# Annoyances that Happen to Everybody but No One Talks About



## lisarusczyk (Jan 16, 2011)

1. Putting on clothes after showering and finding out you didn't dry well enough. - Mikie

2. Gas station is full and I found a pump. Pull up. Yellow plastic bags. - Lisa

3. Driving down the road wondering if you're going to have to pay $1000 to fix whatever is wrong with your car, then taking off your parking brake. - Mikie

4. Putting on shoes with bird feathers in them, then going...ewwwwwwwww. - Lisa


----------



## jackblaine (May 22, 2011)

That last one still has me wondering . . . .


----------



## BTackitt (Dec 15, 2008)

There's a cat in her profile pic.. I'd say he left her a present to tell her he loves her.


----------



## BTackitt (Dec 15, 2008)

Going out to the car with the wrong set of keys in hand.. we have 4 cars here, and 2 sets for each one.


----------



## LitChick (Nov 26, 2010)

Arriving at a four-way intersection with stop signs at the same time as another driver and playing a game of "You go first, no you go first" with them for a few long seconds.


----------



## KD Sarge (Feb 20, 2011)

The way the cat always barfs on the beloved leather braided rug instead of cheap ugly carpet or tile. >.<


----------



## lisarusczyk (Jan 16, 2011)

Jewelry getting tangle in hair.


----------



## Ann Herrick (Sep 24, 2010)

Cat meowing to go out, then when I open the door, cat does a U-turn and heads for the food dish and meows there!


----------



## lisarusczyk (Jan 16, 2011)

Ann Herrick said:


> Cat meowing to go out, then when I open the door, cat does a U-turn and heads for the food dish and meows there!


Haha I know that.


----------



## spotsmom (Jan 20, 2011)

Person in front of me at the grocery store (usually a woman), who waits until the entire order is scanned and bagged and then takes out her checkbook.


----------



## Ann Herrick (Sep 24, 2010)

spotsmom said:


> Person in front of me at the grocery store (usually a woman), who waits until the entire order is scanned and bagged and then takes out her checkbook.


Yup!


----------



## Alle Meine Entchen (Dec 6, 2009)

the person who tailgates you b/c you're doing the speed limit and passes you, only to slow down to the speed limit (or slower)


----------



## BTackitt (Dec 15, 2008)

At the grocery, people who drive the wrong way up and down the parking lot. It's Pretty DANG obvious if all of the cars are pointed towards you, then you are going the WRONG FARKIN WAY!.... 2 of these idjits in a row when I just went to the store.


----------



## valleycat1 (Mar 15, 2011)

Alle Meine Entchen said:


> the person who tailgates you b/c you're doing the speed limit and passes you, only to slow down to the speed limit (or slower)

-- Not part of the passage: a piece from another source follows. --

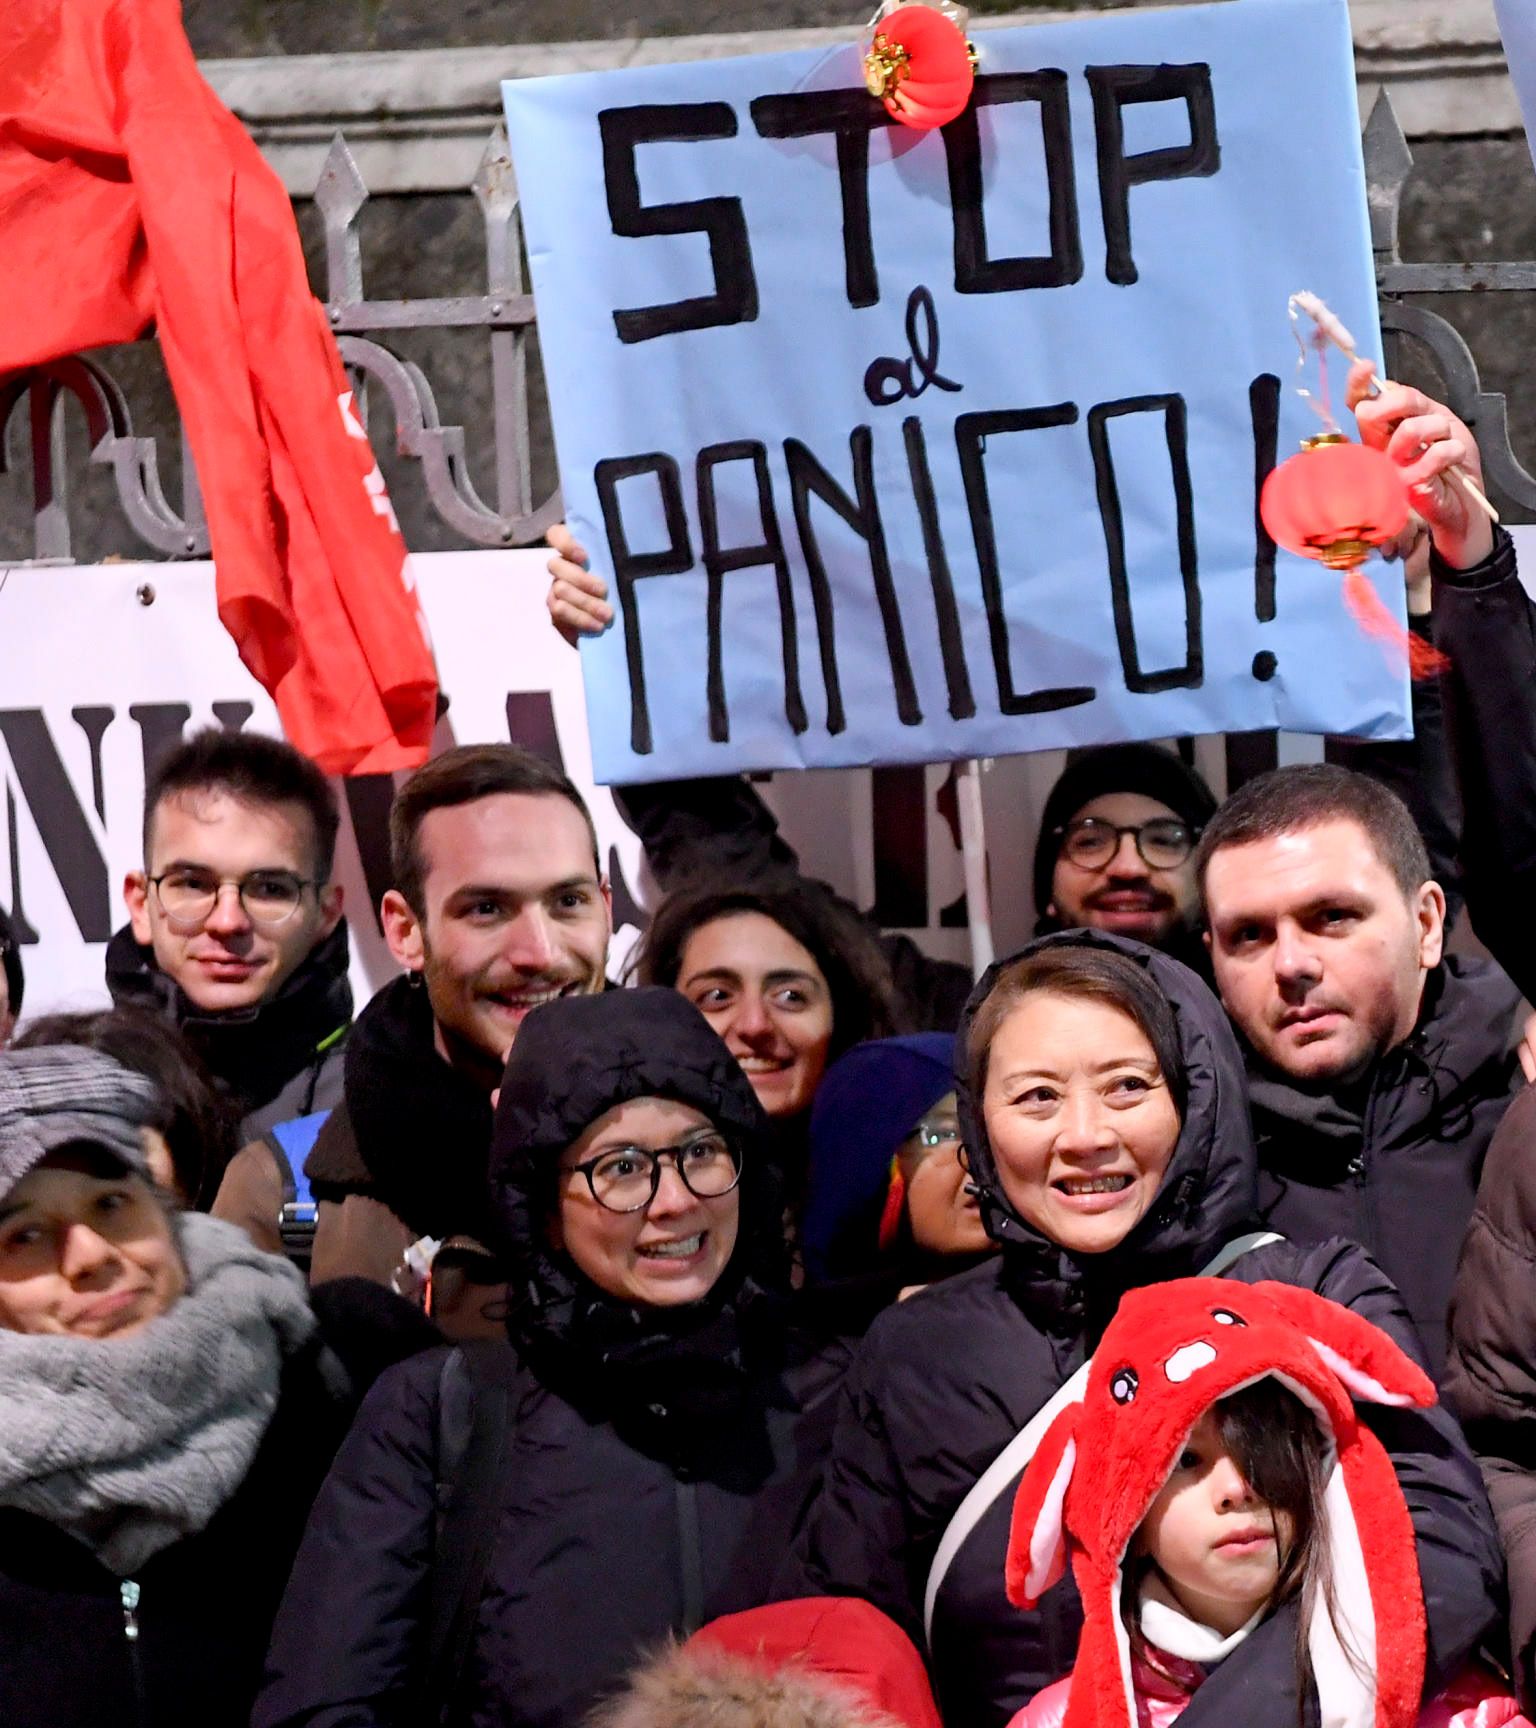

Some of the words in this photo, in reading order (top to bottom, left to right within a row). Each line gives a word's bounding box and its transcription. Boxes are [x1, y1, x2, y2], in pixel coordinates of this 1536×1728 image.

Or, when you're basically the only car on the road, and someone pulls in off a side street in front of you with little room to spare, then drives very slowly or stops to turn left a block or two up the way (and waits, and waits, and waits, until there's absolutely no one coming the other direction before finally turning).
Or you go to a store for one or two items, and in those specific spots is a clueless person or group blocking you from getting to the item (this seems to happen to me every week at least once - & the items aren't always all that common a purchase).


----------



## Vegas_Asian (Nov 2, 2008)

When parents make a big deal out of things when u tell them something while they are on the phone. They exaggerate as a show for the person on the phone. My mom does it. Does it when we have guest over too.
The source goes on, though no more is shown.